A origem do sono escasso, contudo, é diversa. Listam-se predisposições genéticas, idade, doenças crônicas, além de maus hábitos, como uso de álcool em excesso e estimulantes. Mas, se há uma dor a ser sanada, há um negócio em potencial. Com um objetivo bastante simples, o de alentar os que não pregam os olhos, startups do sono ganham espaço e propõem uma nova saída: usar da tecnologia, se valendo de terapias certificadas e gadgets (ironicamente, os smartphones), para ajudar os usuários a colocar um fim à insônia.
O faturamento dessas companhias já chegou a 85 bilhões de dólares, e em 2023 esse número deverá atingir 101 bilhões de dólares. E há terreno para explorar. Examinando o cenário, a economia do sono se divide em três categorias: conforto de ambiente (roupa de cama, iluminação e controle de temperatura), controladores de rotina (citam-se aqui monitores de sono ou aplicativos de meditação) e tratamentos terapêuticos (como orientação psicológica, medicamentos com ou sem prescrição médica e dispositivos clínicos para apneia do sono).

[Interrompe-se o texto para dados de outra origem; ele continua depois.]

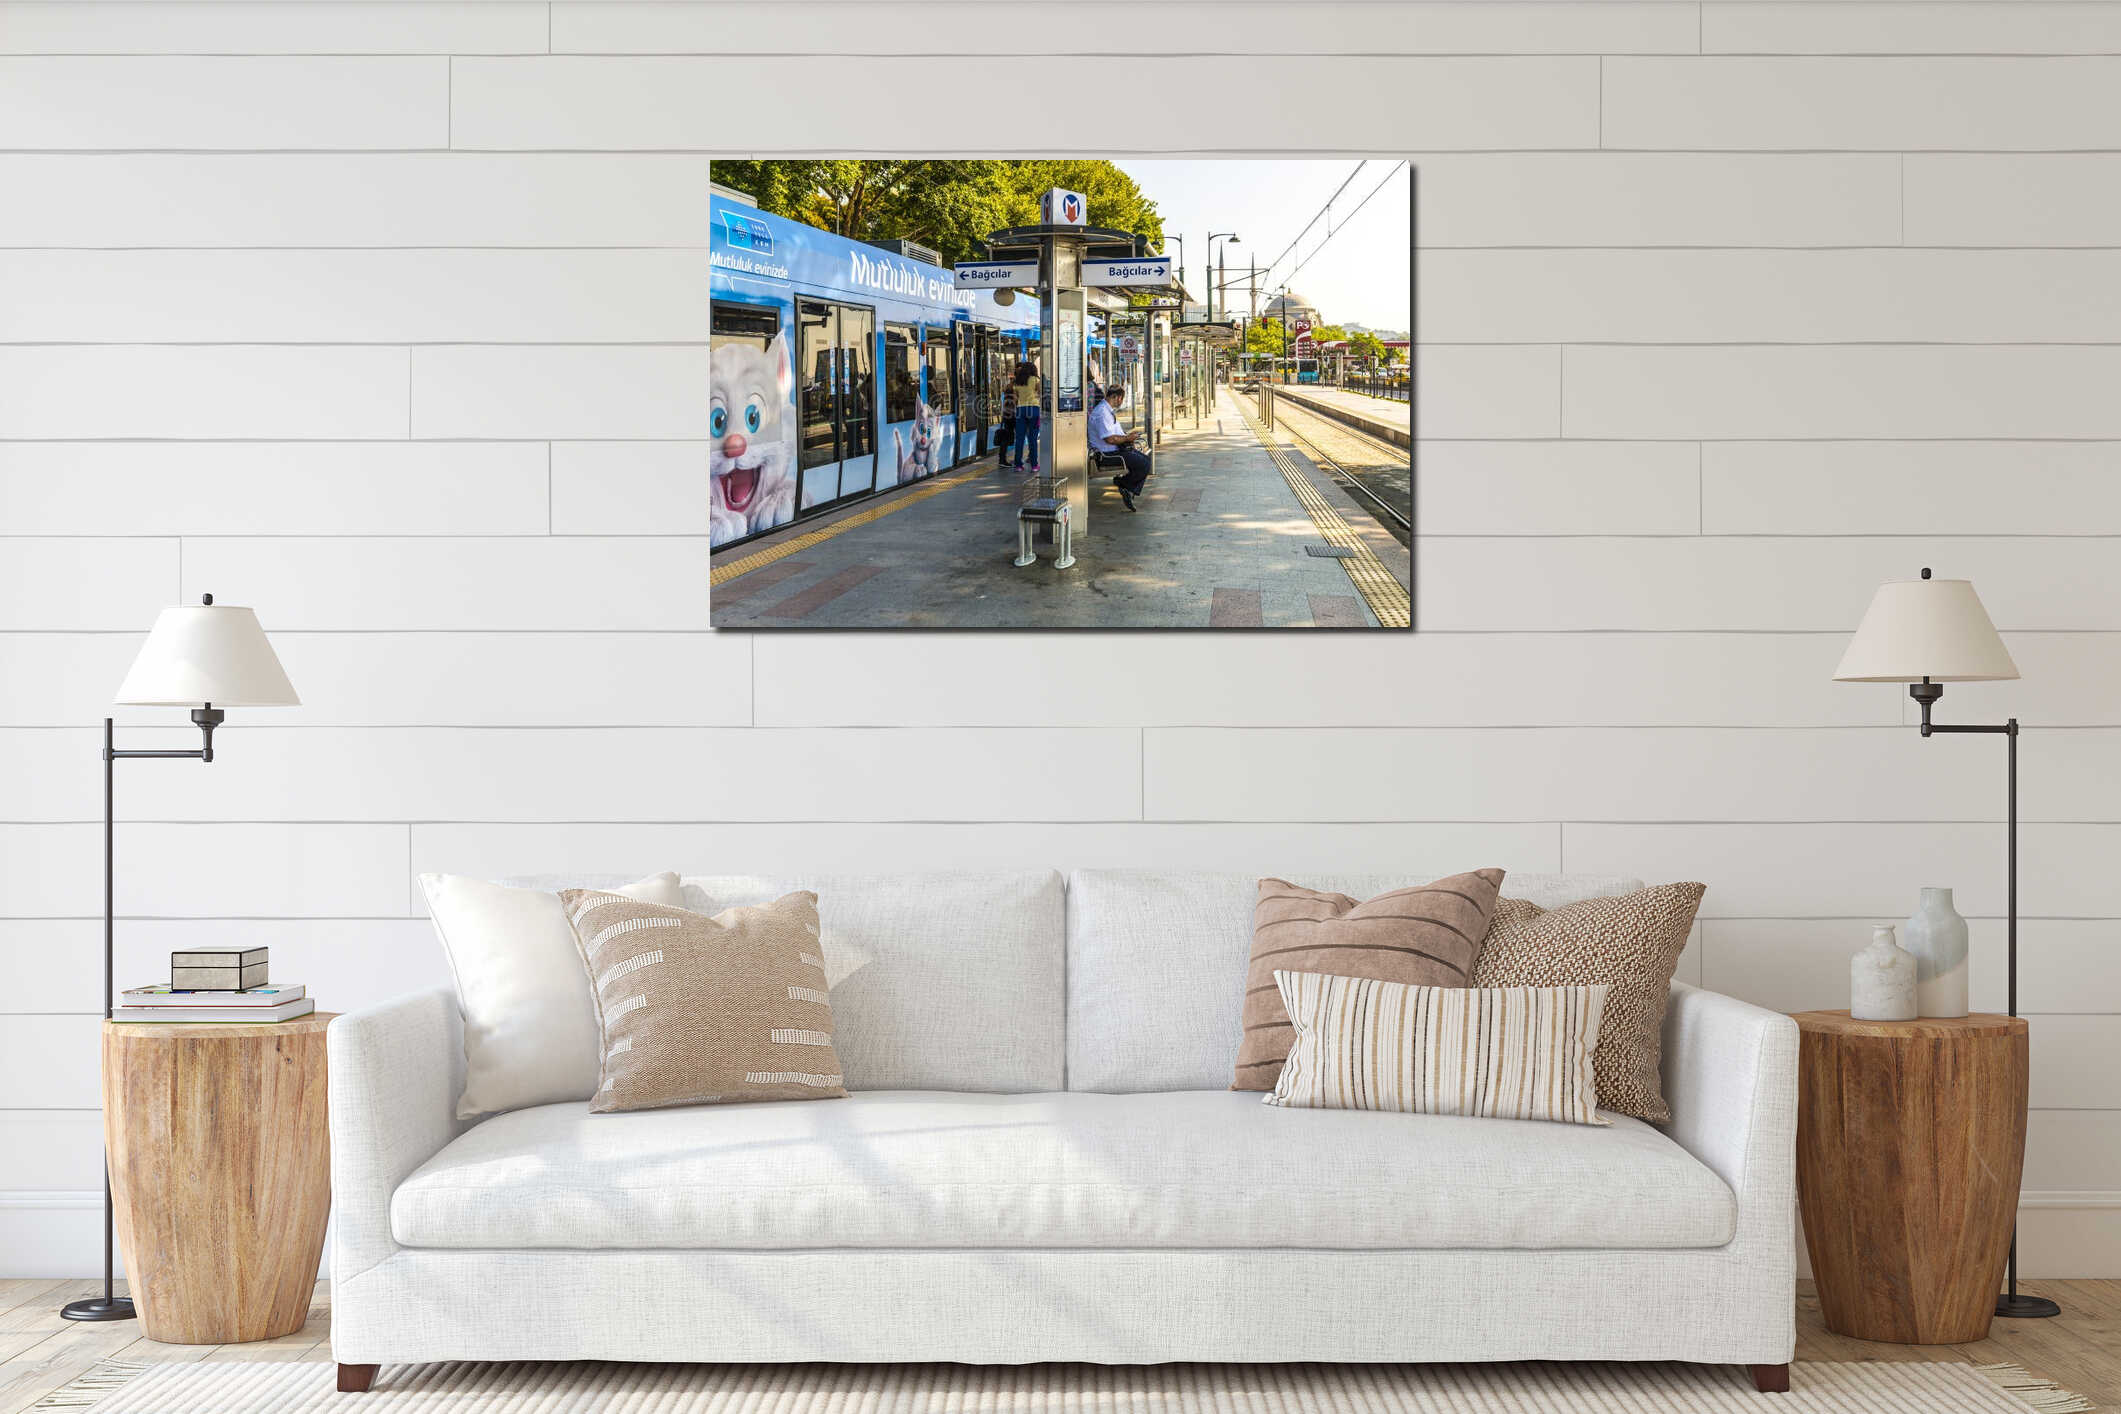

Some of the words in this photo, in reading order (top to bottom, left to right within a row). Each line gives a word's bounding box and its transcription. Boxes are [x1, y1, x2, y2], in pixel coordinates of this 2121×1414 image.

Ainda que seja um novo segmento, as pesquisas estão aceleradas. Em 2020, pelo menos 611 milhões de dólares foram computados em investimentos para startups desenvolverem produtos relacionados ao sono. Para este ano, esperam-se no mínimo 700 milhões de dólares.

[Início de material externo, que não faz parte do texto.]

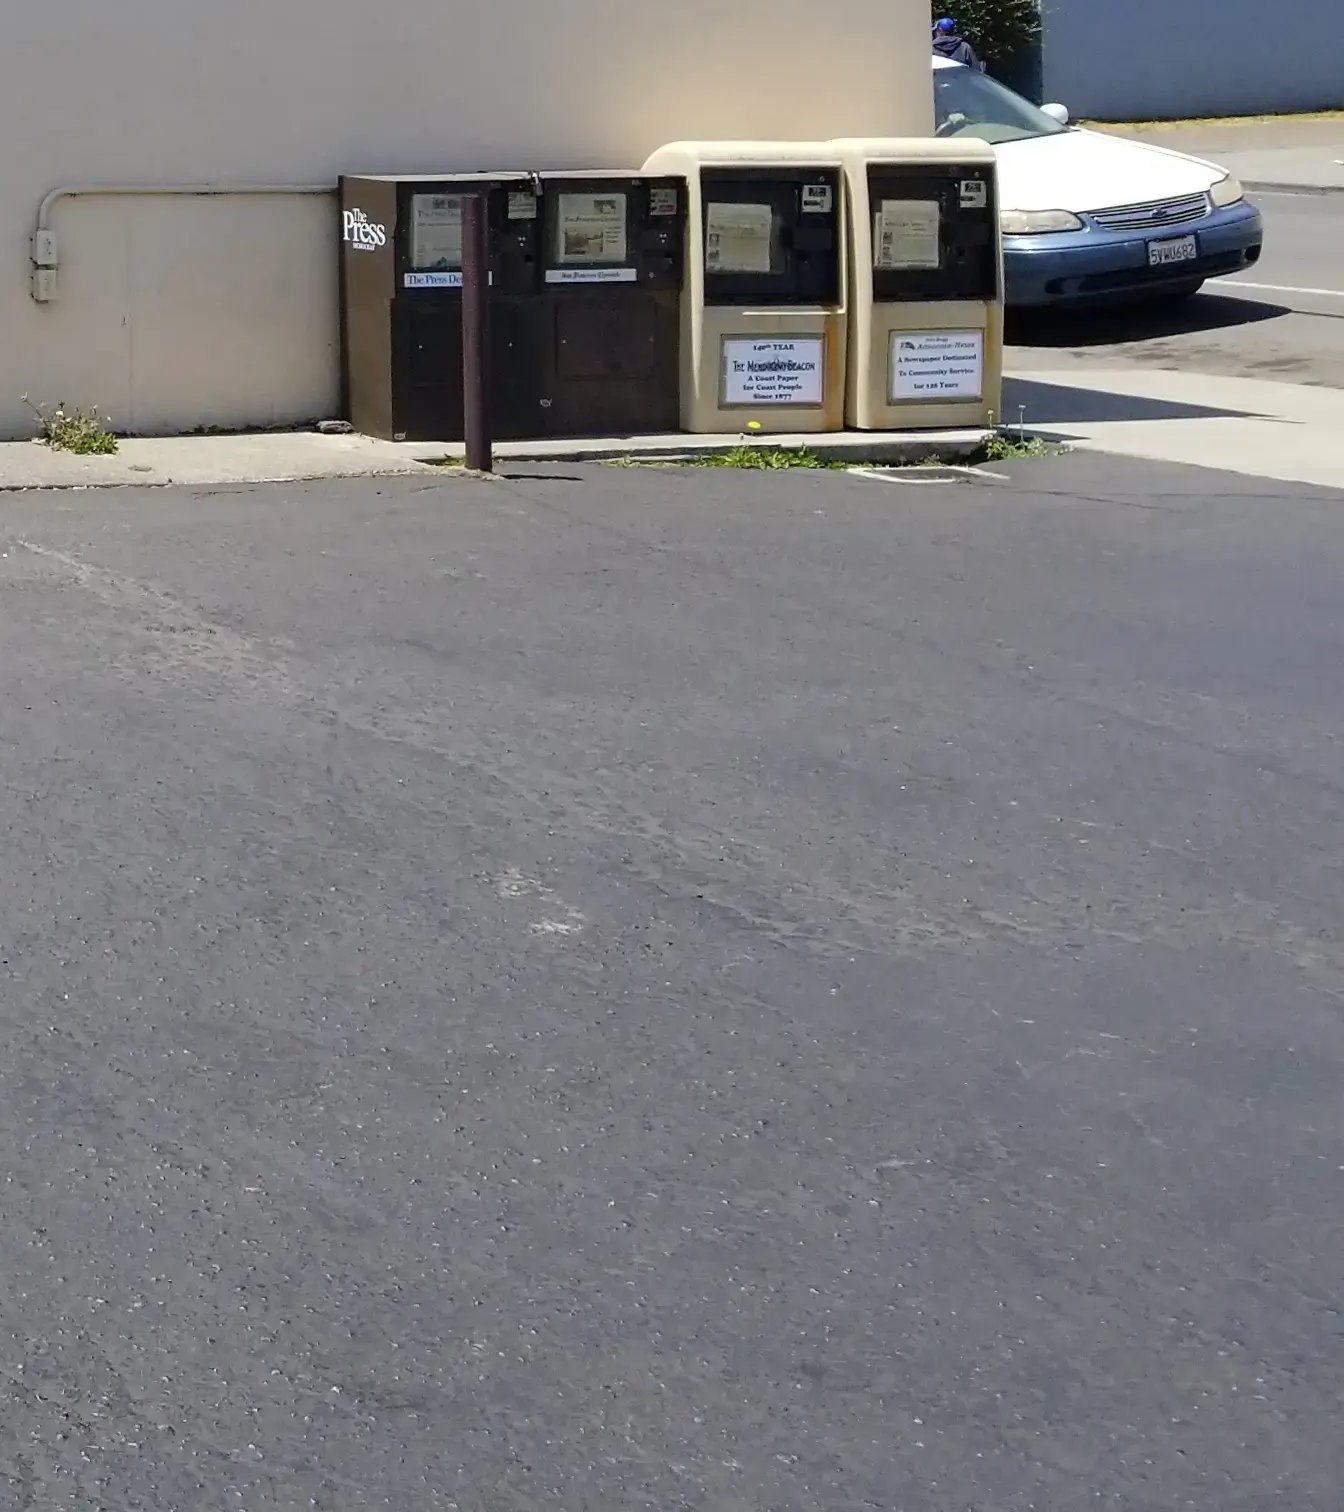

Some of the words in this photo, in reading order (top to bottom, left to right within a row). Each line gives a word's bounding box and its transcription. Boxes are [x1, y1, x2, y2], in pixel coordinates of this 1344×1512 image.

[351, 207, 367, 222] The
[342, 210, 387, 246] Press
[408, 274, 425, 285] The
[425, 274, 448, 285] Press

Uma das que estão fazendo a cabeça, ou melhor, os sonhos dos clientes é a startup brasileira chamada Vigilantes do Sono, fundada em 2020 pelos engenheiros de computação Lucas Baraças e Guilherme Hashioka e pela psicóloga Laura Castro. Em pouco mais de um ano do nascimento da empresa, a tecnologia criada pelo trio já atingiu números significativos: pelo menos 50% dos usuários que seguem o programa pegam no sono mais rápido, e 60% deles acordam menos durante a noite.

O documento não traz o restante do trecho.